The ATO’s recently released Self-managed superannuation funds: A Statistical Overview report reveals that the percentage of all SMSF assets accounted for by ‘real property’ rose by just under 2% between 2008 and 2009 – bringing its total share of the SMSF market up to 14.7% ($48.3bn).
With the report also pointing to an increase in the number of young people deciding to set up SMSFs, Self-Managed Super Fund Professionals’ Association of Australia (SPAA) CEO Andrea Slattery believes that this younger demographics’ awareness of the real estate market may continue to boost the popularity of investing in property through SMSFs.
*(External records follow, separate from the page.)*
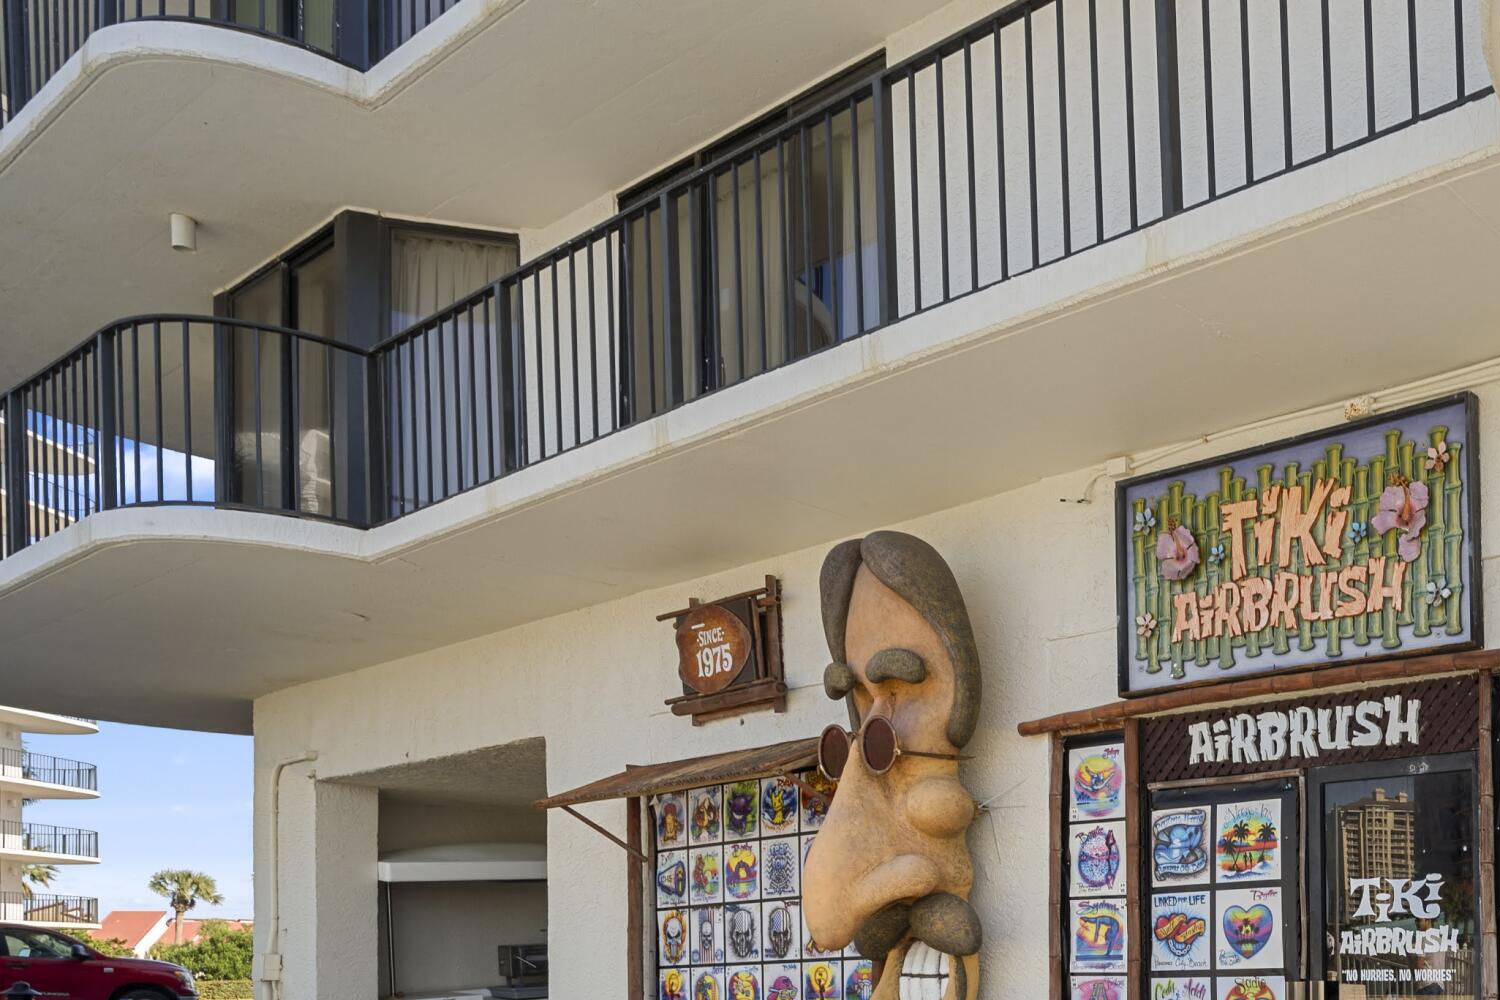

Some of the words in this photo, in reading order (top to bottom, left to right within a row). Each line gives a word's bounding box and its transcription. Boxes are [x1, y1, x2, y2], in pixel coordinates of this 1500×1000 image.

[696, 643, 733, 677] 1975
[1154, 896, 1177, 908] LINKED
[1188, 895, 1206, 906] LIFE
[1360, 969, 1397, 982] HURRIES,
[1399, 969, 1412, 982] NO
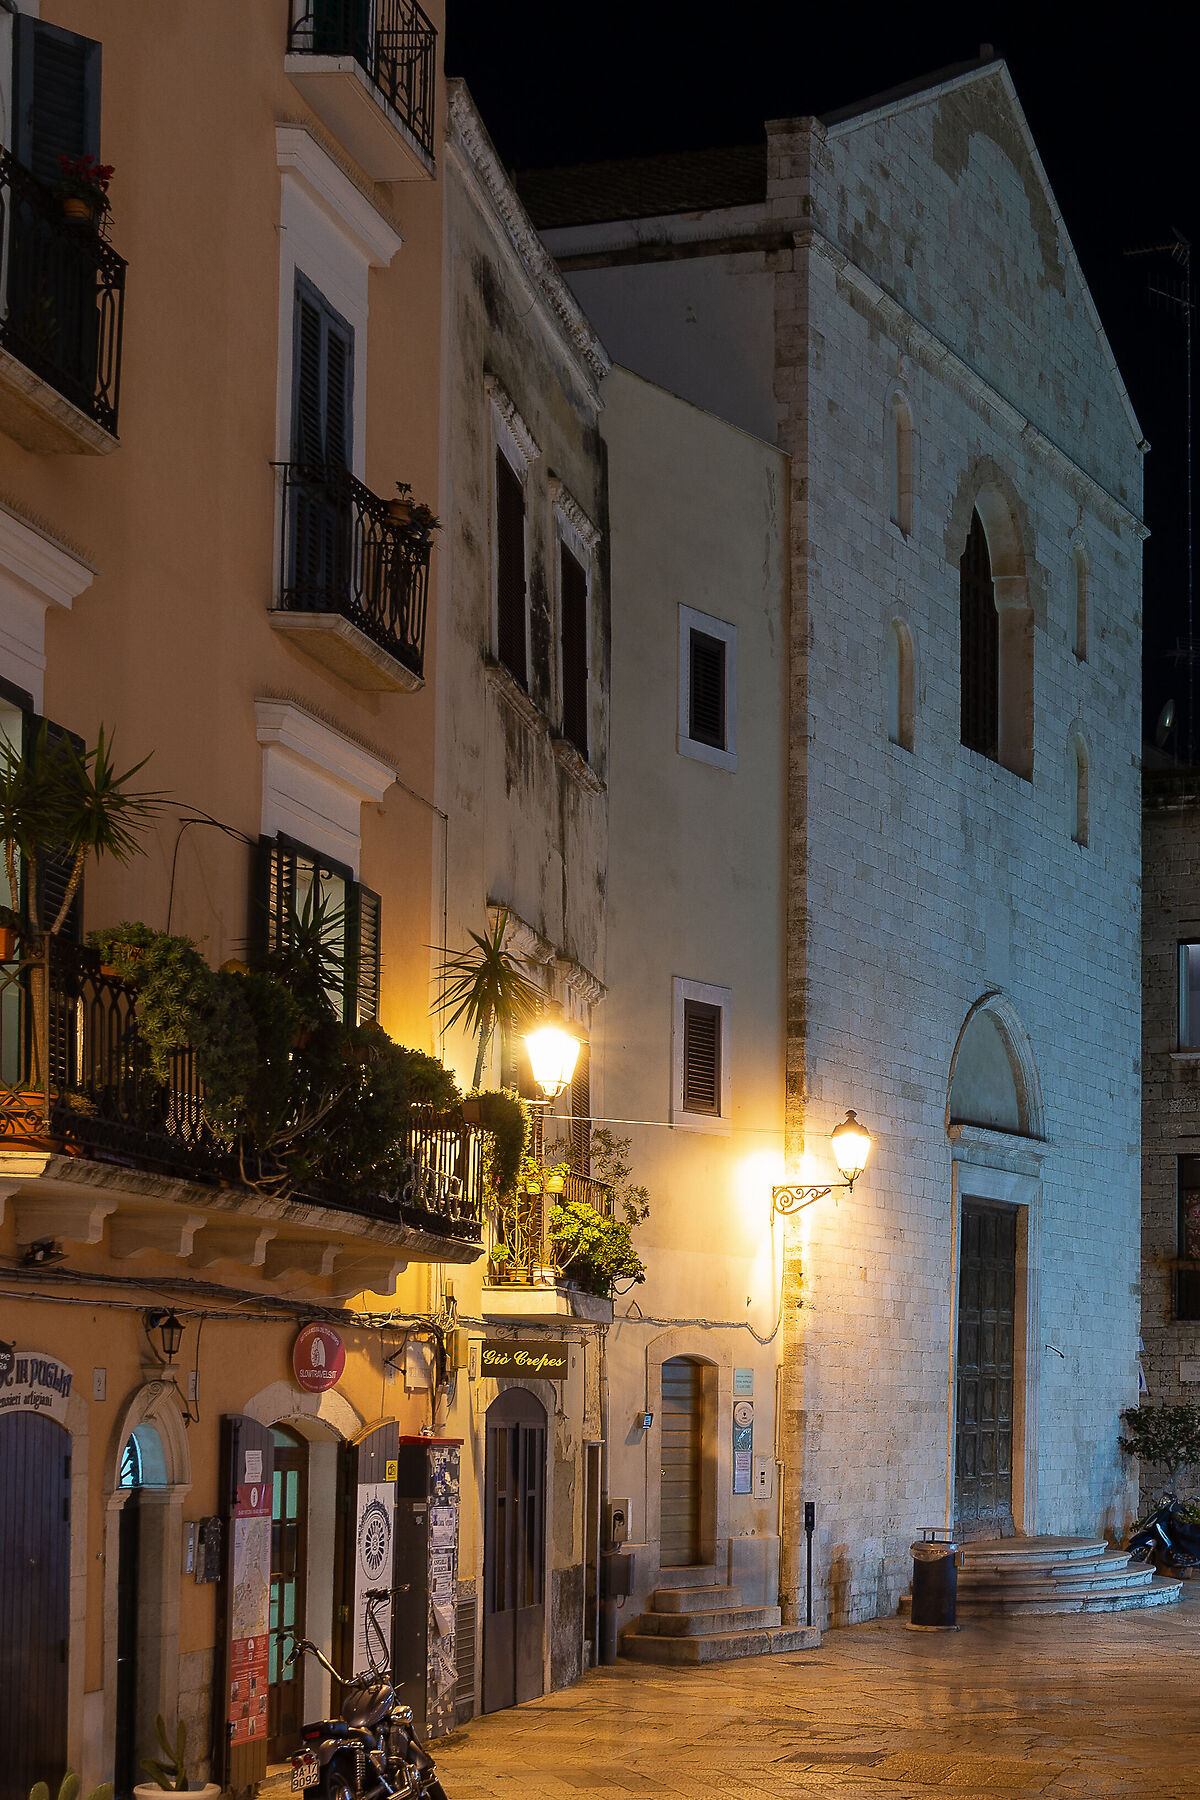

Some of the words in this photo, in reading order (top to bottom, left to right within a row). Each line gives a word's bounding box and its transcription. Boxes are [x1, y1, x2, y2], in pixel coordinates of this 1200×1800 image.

[482, 1349, 512, 1365] Giò
[513, 1350, 567, 1372] Crepes
[293, 1773, 318, 1789] 9092
According to the ATO statistics, 11% of new SMSF members were under the age of 35 in the June 2010 quarter, compared to just over 5% for the whole SMSF member population.
“Those people that are younger are, as an example, looking for their own homes at the moment. And a lot of them are young professionals who are perhaps aware of the property market from a professional point of view,” said Slattery.
She added that property investment is increasingly being seen as something that’s “not only for the very few.”
“It’s a very exciting area, the whole issue of investing in an SMSF, but particularly the property issue is a very exciting area,” said Slattery.
She warned potential investors, however, to seek expert advice from qualified professionals before taking the plunge and investing in property through their SMSF.